Les ventes étaient jusqu’à présent « dopées » par les cadeaux des pouvoirs publics aux riches acheteurs des véhicules électriques dont le prix moyen est supérieur à 40 000 euros. Les aides sont sur le point de cesser. En Allemagne les ventes de voitures électriques se sont effondrées de 69 % au mois d’août ; la baisse a été de 44 % dans toute l’Europe. Les annonces austéritaires du gouvernement Barnier vont dans le même sens. Les voitures électriques restent beaucoup trop chères pour être autant diffusées que la voiture des « années 1970 ». 

Il apparaît déjà des surcapacités de production. L’usine Mirafiori Fiat de Turin est fermée jusqu’en novembre, la Fiat 500 électrique ne se vendant qu’à 20 000 exemplaires cette année pour une capacité de production de 100 000. Renault prévoit une réduction de moitié pour l’électrique en 2025.

Un phénomène amplifié pour les fabricants de batterie, élément clé de la fabrication d’une voiture, qui peut représenter la moitié du prix. Les gouvernements d’Amérique du Nord et d’Europe les incitent, par des subventions, à y installer leur « giga-usines ». Une véritable ruée vers ce nouveau gisement de profit qui combiné avec les ratés actuels de la croissance de ces véhicules, fait que la surproduction est déjà là. Le fabricant détenu par TotalEnergies, Stellantis et Mercedes-Benz, a annoncé en juin 2024 le report sine die de la construction de ses usines en Allemagne et en Italie.

Les équipementiers en première ligne des transformations

Les chaînes de production et de valeur de l’industrie automobile se diversifient en termes géographiques et technologiques. Les plus puissants des équipementiers, à l’exemple de Valeo, se restructurent en interne à coups de fermetures d’établissements, de transferts d’activités et de licenciements. Les autres équipementiers et sous-traitants, souvent liés à une seule technique, sont abandonnés par leurs donneurs d’ordre. En Allemagne, ZF supprime 14 000 postes de travail sur 54 000 et provoque la fermeture de l’un de ses fournisseurs situés à Strasbourg. En France, ce fut il y a trois ans la liquidation par Renault de tous les sous-traitants du secteur des fonderies.

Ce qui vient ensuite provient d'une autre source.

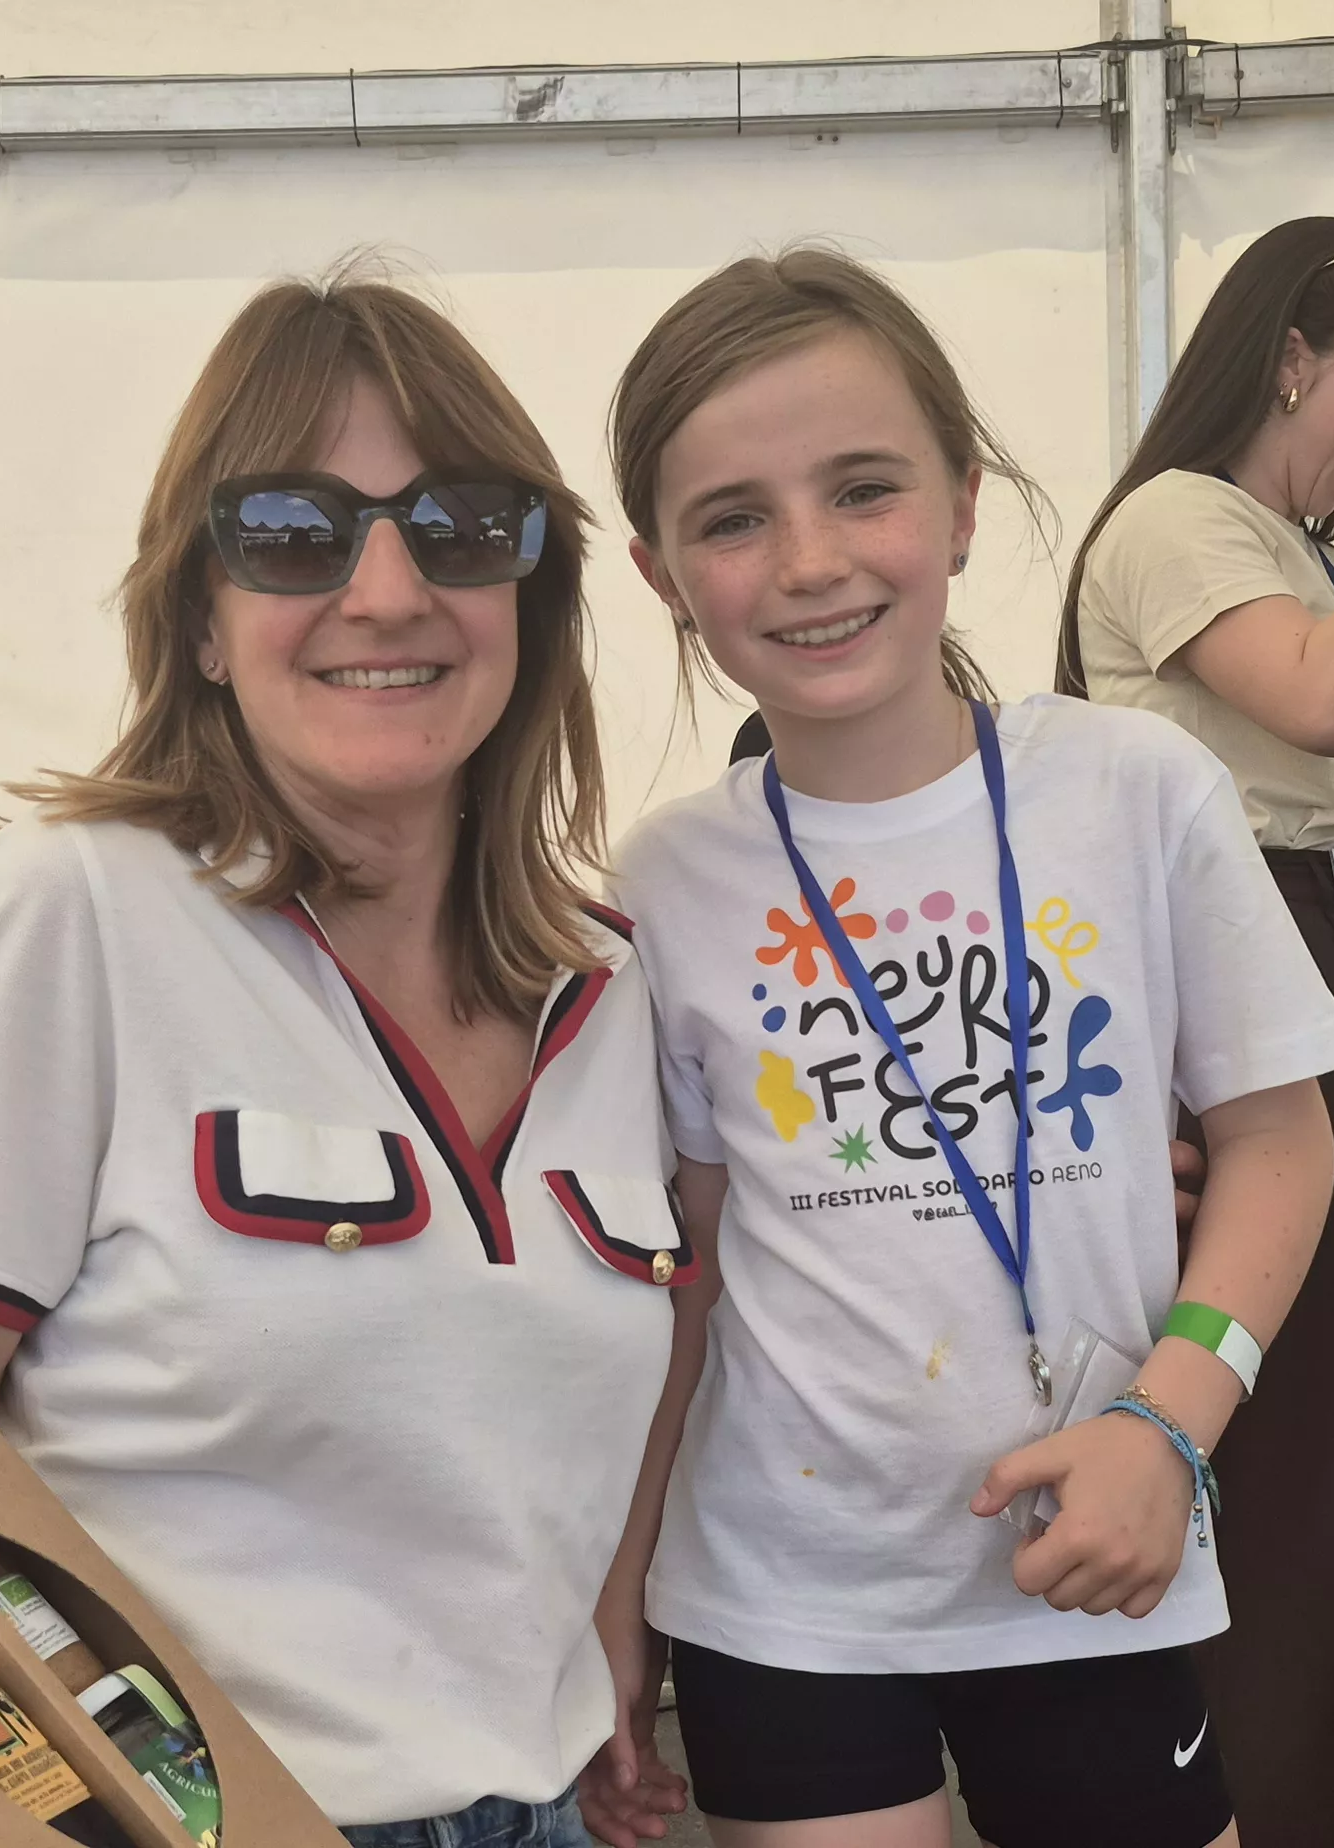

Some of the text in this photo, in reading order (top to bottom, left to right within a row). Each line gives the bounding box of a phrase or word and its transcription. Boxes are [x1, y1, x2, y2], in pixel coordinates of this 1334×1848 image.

[789, 1194, 813, 1211] III
[817, 1183, 918, 1209] FESTIVAL
[922, 1168, 1045, 1198] SOLDARO

Cet été, c’est la fin décrétée par Stellantis de MA France, dernière usine automobile de Seine-Saint-Denis.

La concurrence de tous contre tous

PSA a fusionné avec Fiat dans Stellantis, et Renault est démembré autour de ses filiales Ampère pour les voitures électriques et Horse pour les moteurs thermiques. C’est tout l’équilibre entre les firmes en place depuis plus de cinquante ans qui est remis en cause. Font irruption des entreprises chinoises qui contrôlent la filière de la production des voitures électriques depuis les usines de batteries. Et un seul nouveau constructeur automobile a émergé aux États-Unis depuis la Seconde Guerre mondiale : Tesla, firme à la capitalisation boursière de 850 milliards de dollars pour un million de voitures vendues dans le monde contre 35 milliards de dollars pour Stellantis pour 6 millions de voitures vendues. Les innovations du fondateur de Tesla, Elon Musk, sont fondées sur un grand bond en arrière des conditions de travail, incluant la chasse aux syndicats et la honte de faire travailler cent heures par semaine.